● EXERCISE DIRECTIONS
Each line below needs to be returned exactly. Skip any picture.

+++

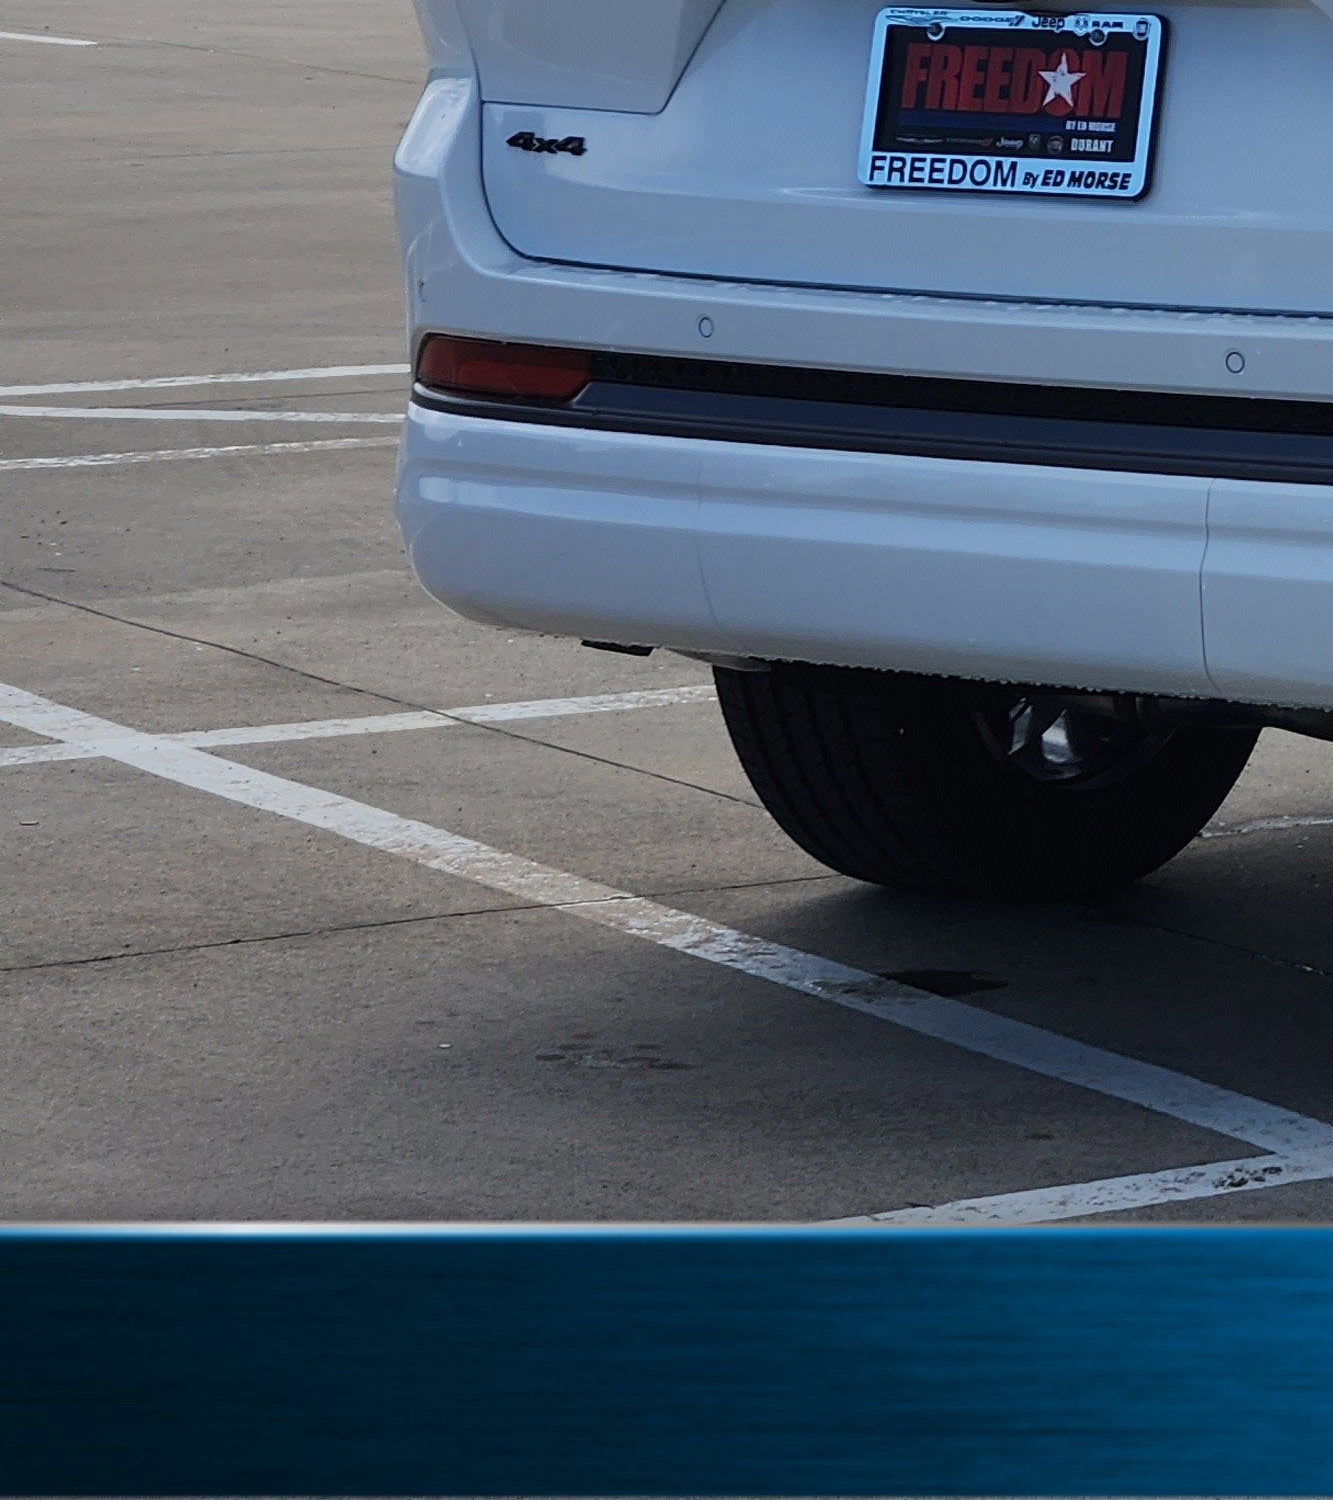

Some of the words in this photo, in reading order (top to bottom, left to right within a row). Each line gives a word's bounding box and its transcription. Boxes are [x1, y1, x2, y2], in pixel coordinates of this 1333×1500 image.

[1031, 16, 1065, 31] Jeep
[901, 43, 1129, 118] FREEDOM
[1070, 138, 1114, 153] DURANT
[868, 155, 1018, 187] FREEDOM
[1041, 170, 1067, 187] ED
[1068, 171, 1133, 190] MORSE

+++

● RESPONSE AREA
Some of the words in this photo, in reading order (top to bottom, left to right within a row). Each line gives a word's bounding box and its transcription. Boxes are [x1, y1, x2, y2], in pixel coordinates of this 1333×1500 image.

[1031, 16, 1065, 31] Jeep
[901, 43, 1129, 118] FREEDOM
[1070, 138, 1114, 153] DURANT
[868, 155, 1018, 187] FREEDOM
[1041, 170, 1067, 187] ED
[1068, 171, 1133, 190] MORSE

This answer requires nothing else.